Work instructions = Starting at the line that contains "Some of the text", transcribe every remaining line of the entries exactly, including the last one.

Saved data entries
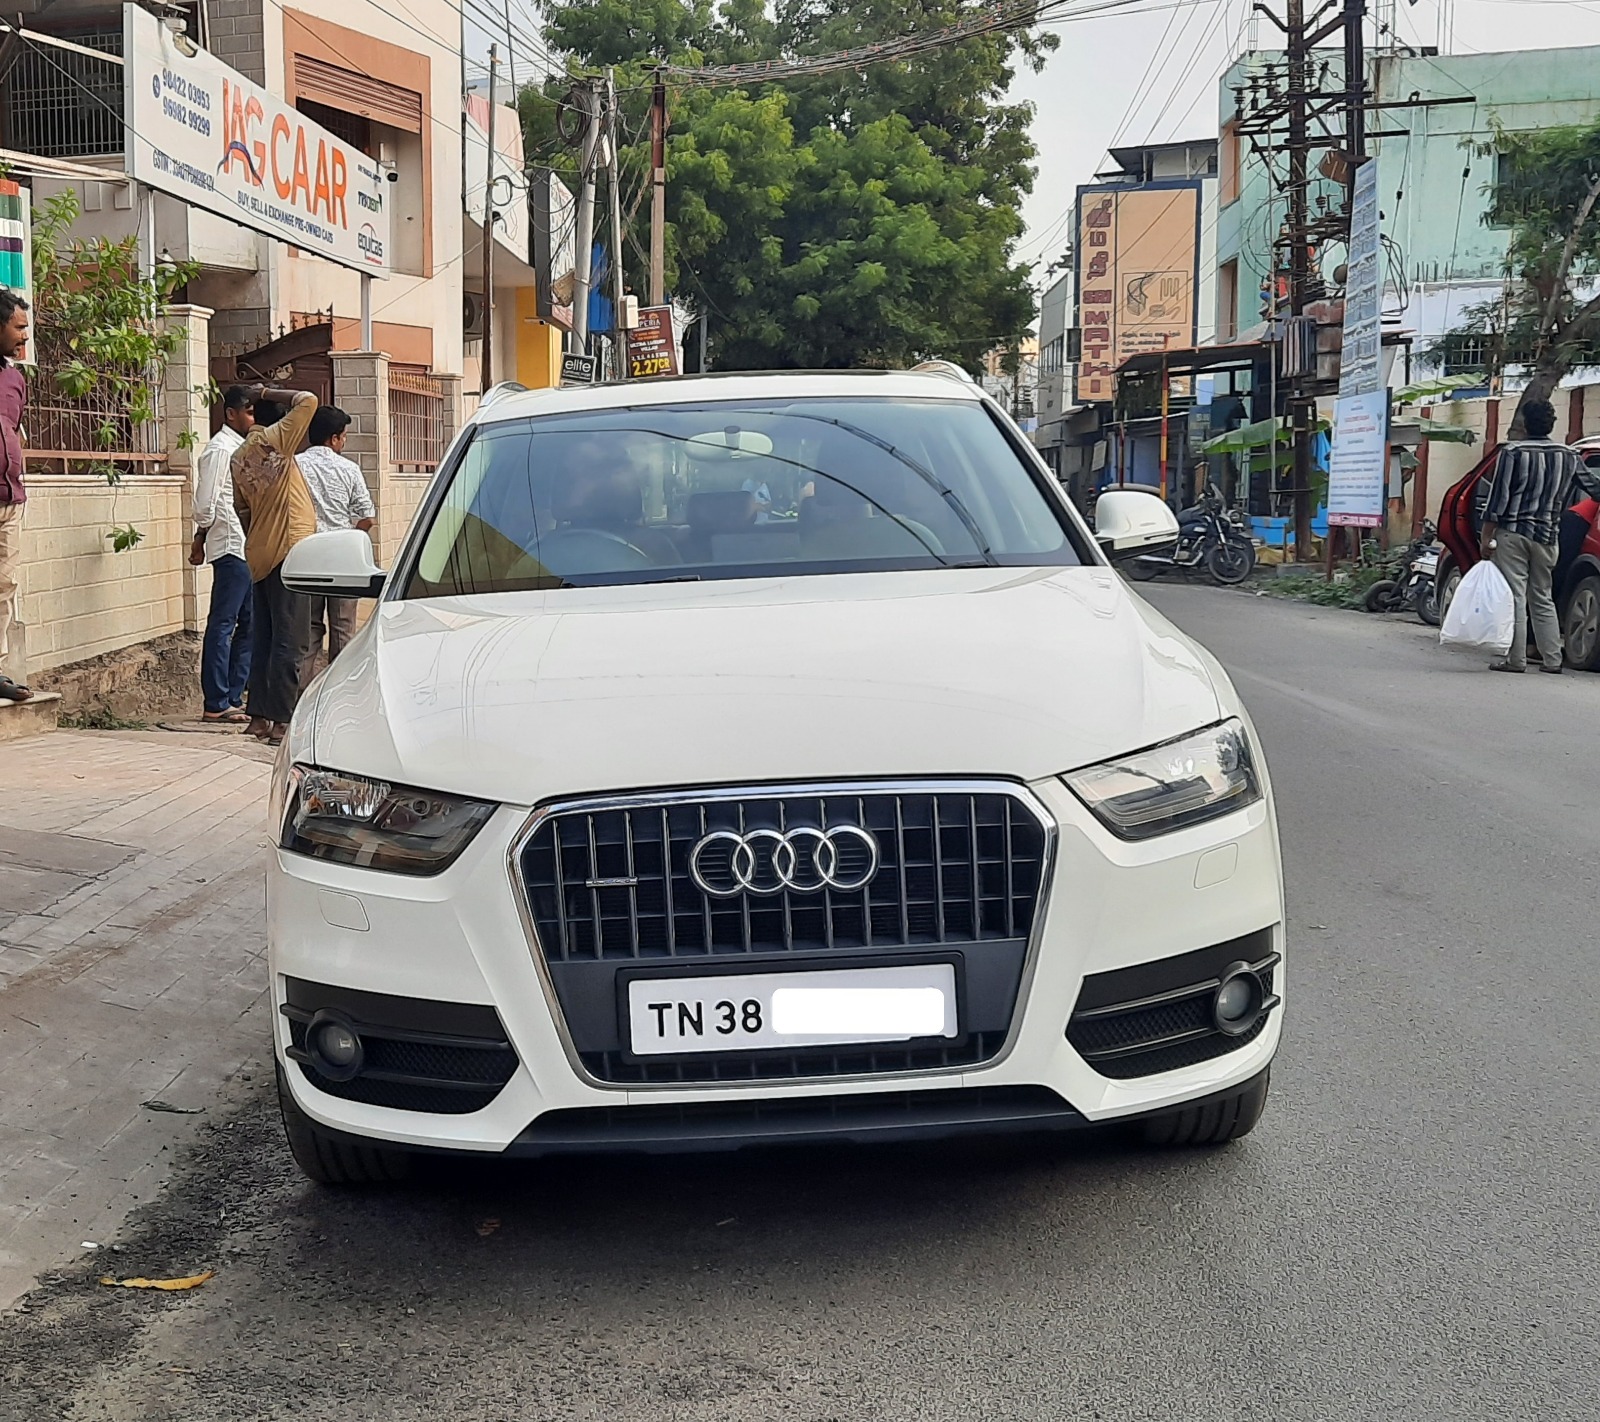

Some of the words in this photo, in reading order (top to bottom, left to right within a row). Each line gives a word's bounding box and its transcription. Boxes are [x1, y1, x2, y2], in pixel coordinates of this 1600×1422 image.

[162, 68, 187, 98] 98422
[188, 82, 210, 111] 03953
[162, 96, 187, 125] 96982
[188, 110, 211, 137] 99299
[271, 113, 348, 230] CAAR
[237, 190, 250, 210] BUY,
[251, 196, 263, 214] SELL
[268, 205, 295, 227] EXCHANGE
[295, 216, 321, 238] PRE-OWNED
[1083, 289, 1112, 304] SRI
[565, 359, 591, 373] elite
[648, 1001, 704, 1038] TN
[715, 1000, 763, 1035] 38
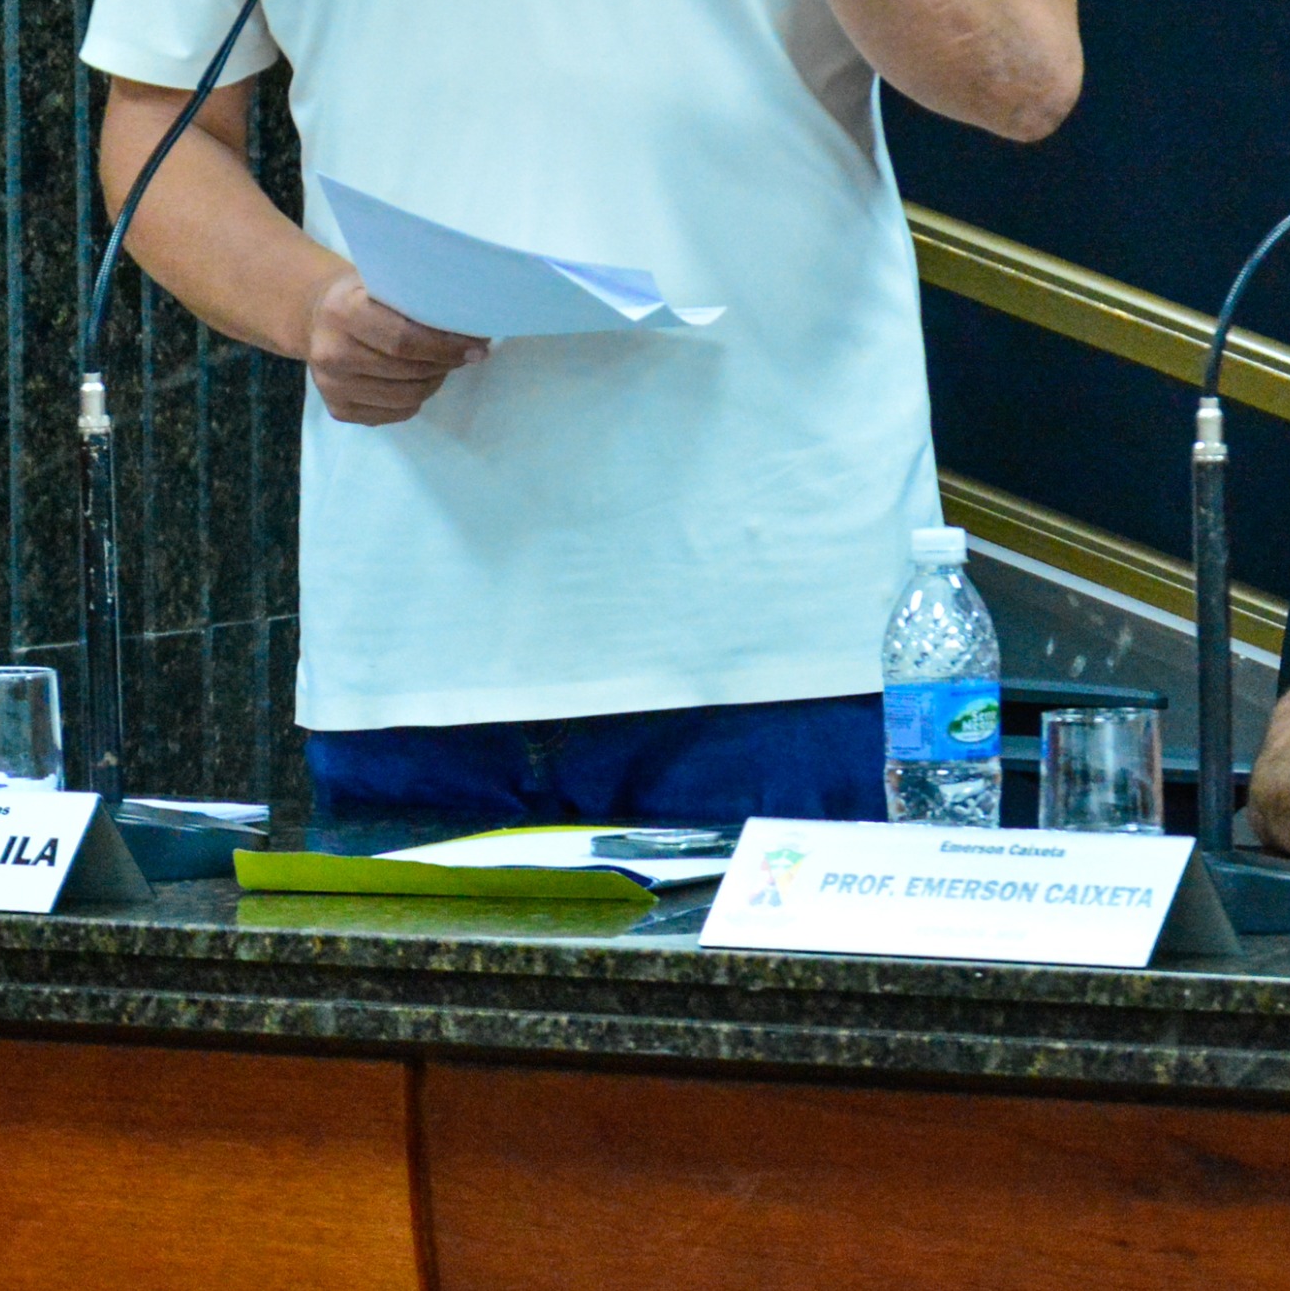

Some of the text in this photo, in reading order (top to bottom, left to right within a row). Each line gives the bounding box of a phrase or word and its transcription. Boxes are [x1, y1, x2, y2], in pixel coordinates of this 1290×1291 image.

[939, 840, 1066, 858] Emerson Caixeta
[819, 872, 1154, 908] PROF. EMERSON CAIXETA

The answer =
Some of the text in this photo, in reading order (top to bottom, left to right within a row). Each line gives the bounding box of a phrase or word and its transcription. Boxes are [x1, y1, x2, y2], in pixel coordinates of this 1290×1291 image.

[939, 840, 1066, 858] Emerson Caixeta
[819, 872, 1154, 908] PROF. EMERSON CAIXETA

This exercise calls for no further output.